CFPB: CONSUMER FINANCIAL PROTECTION BUREAU ISSUES BULLETIN ON SERVICE PROVIDER COMPLIANCE

On April 13, 2012 the Consumer Financial Protection Bureau (CFPB) issued Bulletin 2012-03 titled "Service Providers". The CFPB stated that it expects supervised banks and nonbanks to oversee their business relationships with their service providers in a manner that ensures compliance with Federal consumer financial law, which is designed to protect the interests of consumers and avoid consumer harm.

The term "Service Provider" is defined in Section 1002(26) of the Dodd-Frank Act as "Any person that provides a material service to a covered person in connection with the offering or provision by such covered person of a consumer financial product or service." (12 U.S.C. Section 5481(26)). A "Service Provider" may or may not be affiliated with the person to which it provides services."

The Consumer Financial Protection Bureau in its bulletin states that the CFPB "recognizes that the use of service providers is often an appropriate business decision for supervised banks and nonbanks.

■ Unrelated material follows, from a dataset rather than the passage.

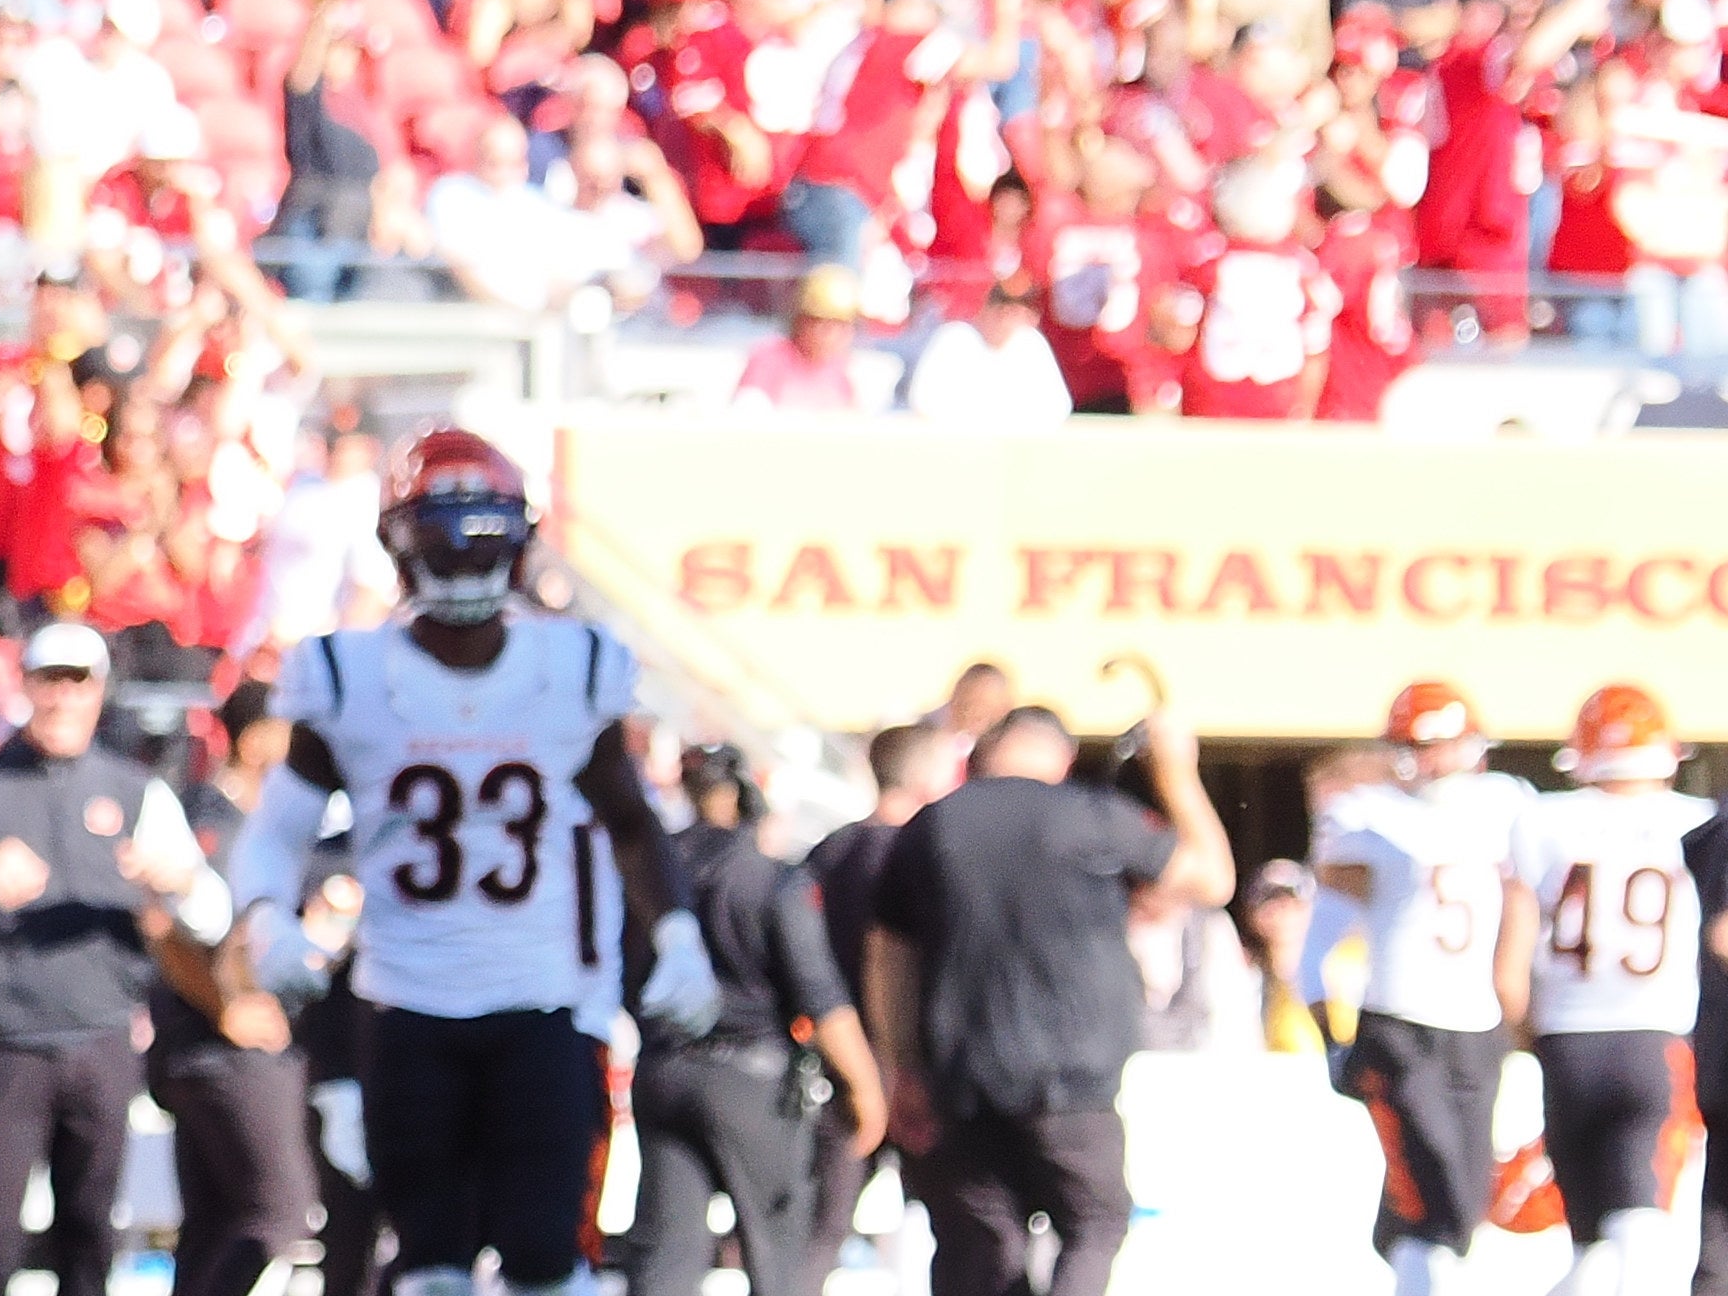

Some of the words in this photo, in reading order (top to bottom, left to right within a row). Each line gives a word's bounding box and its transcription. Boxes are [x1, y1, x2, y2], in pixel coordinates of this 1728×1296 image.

Supervised banks and nonbanks may outsource certain functions to service providers due to resource constraints, use service providers to develop and market additional products or services, or rely on expertise from service providers that would not otherwise be available without significant investment."

The CFPB's bulletin expresses concerns about the lack of liability by the lender to the consumer for third party behavior. "The mere fact that a supervised bank or nonbank enters into a business relationship with a service provider does not absolve the supervised bank or nonbank of responsibility of complying with Federal consumer financial law to avoid consumer harm. A "service provider" that is unfamiliar with the legal requirements applicable to the products or services being offered, or that does not make efforts to implement those requirements carefully and effectively, or that exhibits weak internal controls, can harm consumers and create potential liabilities for both the service provider and the entity with which it has a business relationship." The Consumer Financial Protection Bureau states that "depending on the circumstances, legal responsibility may lie with the supervised bank or nonbank as well as with the supervised service provider."

In short the CFPB now expects supervised banks and nonbanks to make sure the service providers comply with the law. The CFPB by issuance of this bulletin has effectively put the entire real estate industry on notice that if they want to do business in the future they had better make sure their internal controls are in place otherwise the supervised bank or nonbank will cease doing business with you.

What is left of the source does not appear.